GluR6/7 and KA2 immunoreactivity in neuronal perikarya. A, A GluR6/7-containing neuronal perikaryon in the putamen. B, High magnification of gold particles labeling associated with the endoplasmic reticulum (ER) in this cell body. C, KA2 immunoreactivity in Golgi or ER-like tubular organelles in a neuronal perikaryon (arrows) of an interneuron (invaginated nuclear membrane; open arrow). Nu, Nucleus. Scale bars: A, 1.0 μm; B, 0.25 μm;C, 0.5 μm.

Fig. 5.

GluR6/7-immunoreactive (A, B) and KA2-immunoreactive (C) elements in the striatum as revealed with the silver-intensified pre-embedding immunogold method. A, B, GluR6/7-containing axon terminals (Te) forming asymmetric axospinous synapses (arrowheads) in the caudate nucleus. Nonimmunoreactive terminals (*) and unlabeled spines (uSp) are shown in the same region. Labeled dendrites (Den) and spines (Sp) are indicated.C, A KA2-immunoreactive terminal (Te) in the putamen. Nonimmunoreactive boutons (*) and spines (uSp) are shown in the same field. Note that most gold particles in axon terminals, dendrites (Den), and spines are located intracellularly.
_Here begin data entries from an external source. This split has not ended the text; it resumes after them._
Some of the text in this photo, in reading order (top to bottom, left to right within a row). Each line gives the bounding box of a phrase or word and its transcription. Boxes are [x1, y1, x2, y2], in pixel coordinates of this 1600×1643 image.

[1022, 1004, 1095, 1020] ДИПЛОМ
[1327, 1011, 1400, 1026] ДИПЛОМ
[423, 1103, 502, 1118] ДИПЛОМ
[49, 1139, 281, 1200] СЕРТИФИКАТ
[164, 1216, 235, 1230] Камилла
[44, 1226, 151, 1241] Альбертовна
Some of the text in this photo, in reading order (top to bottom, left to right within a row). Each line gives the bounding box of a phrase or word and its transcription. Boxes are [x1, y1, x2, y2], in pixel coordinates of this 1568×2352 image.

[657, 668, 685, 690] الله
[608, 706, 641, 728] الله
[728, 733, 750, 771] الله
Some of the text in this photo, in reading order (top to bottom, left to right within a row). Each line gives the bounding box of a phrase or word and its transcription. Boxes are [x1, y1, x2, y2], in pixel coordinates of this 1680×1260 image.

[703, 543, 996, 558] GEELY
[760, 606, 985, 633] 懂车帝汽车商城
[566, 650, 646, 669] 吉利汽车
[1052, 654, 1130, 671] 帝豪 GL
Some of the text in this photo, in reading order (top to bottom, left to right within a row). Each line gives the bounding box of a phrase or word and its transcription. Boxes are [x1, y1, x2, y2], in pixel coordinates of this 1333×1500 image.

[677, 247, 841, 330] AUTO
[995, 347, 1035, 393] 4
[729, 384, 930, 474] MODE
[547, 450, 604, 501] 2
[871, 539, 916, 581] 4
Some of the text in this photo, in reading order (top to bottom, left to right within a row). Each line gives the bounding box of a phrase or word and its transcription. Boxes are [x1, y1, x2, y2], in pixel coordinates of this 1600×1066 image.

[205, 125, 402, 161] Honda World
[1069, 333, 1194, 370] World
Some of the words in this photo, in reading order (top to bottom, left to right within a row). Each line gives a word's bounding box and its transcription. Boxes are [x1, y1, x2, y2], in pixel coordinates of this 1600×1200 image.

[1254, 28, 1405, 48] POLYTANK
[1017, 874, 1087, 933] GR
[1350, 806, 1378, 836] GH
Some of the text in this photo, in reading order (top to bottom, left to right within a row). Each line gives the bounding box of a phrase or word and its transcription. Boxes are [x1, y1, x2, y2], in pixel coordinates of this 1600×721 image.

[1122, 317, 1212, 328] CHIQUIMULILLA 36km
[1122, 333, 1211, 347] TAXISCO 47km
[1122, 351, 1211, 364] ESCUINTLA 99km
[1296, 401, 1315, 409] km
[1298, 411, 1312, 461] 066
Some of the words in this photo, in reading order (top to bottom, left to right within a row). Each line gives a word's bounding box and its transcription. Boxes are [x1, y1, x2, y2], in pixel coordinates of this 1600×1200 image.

Scale bars: A, 0.25 μm;B, 0.25 μm (valid for C).

Fig. 6.

Post-embedding immunogold localization of GluR6/7 (A–D) and KA2 (E,F) immunoreactivity in the striatum.A, C, GluR6/7 labeling (double arrows) in the active zone of asymmetric axospinous synapses.B, Presynaptic and postsynaptic GluR6/7 labeling at an asymmetric axospinous synapse. D, Presynaptic GluR6/7 immunoreactivity along the surface of a large vesicular structures (arrows) in a terminal forming an asymmetric synapse with a spine. Note that gold particles in the axon terminal are aggregated at the presynaptic grid (arrows), whereas the spine labeling is associated with the postsynaptic density of the asymmetric postsynaptic specialization (arrowhead).E, Dense KA2 labeling (arrows) in the presynaptic grid of an asymmetric axospinous synapse. F,KA2 labeling (arrows) along the surface of a large vesicular organelle in an axon terminal apposed to a spine (Sp). Scale bars: A, 0.25 μm (valid for C, D,F); B, 0.25 μm (valid forE).

Fig. 7.

Histograms showing the distribution of gold particle labeling for GluR6/7 (A) and KA2 (B) in relation to the presynaptic grids of asymmetric synapses in the putamen. The mean (±SD) shortest distance of gold particles from the active zones is relatively similar for both KAR subunits antibodies (0.40 ± 0.20 μm for GluR6/7; 0.47 ± 0.25 μm for KA2). Fifteen terminals immunoreactive for GluR6/7 or KA2 were examined.

Fig. 8.

BDA injection sites in the primary motor cortex (A) and the centromedian nucleus (B) in squirrel monkeys. CM,Centromedian nucleus; CS, central sulcus;FR, fasciculus retroflexus; PF,parafascicular nucleus.

Fig. 9.

GluR6/7-immunoreactive (A,B) and KA2-immunoreactive (C) terminals (Te) labeled anterogradely from the centromedian thalamic nucleus (CM) or the primary motor cortex (M1) in the putamen. Nonimmunoreactive terminals are indicated by asterisks.Arrowheads point to asymmetric synapses. The open arrow indicates an unlabeled bouton that displays GluR6/7 immunoreactivity. Scale bars: A, 0.25 μm (valid forB); C, 0.5 μm.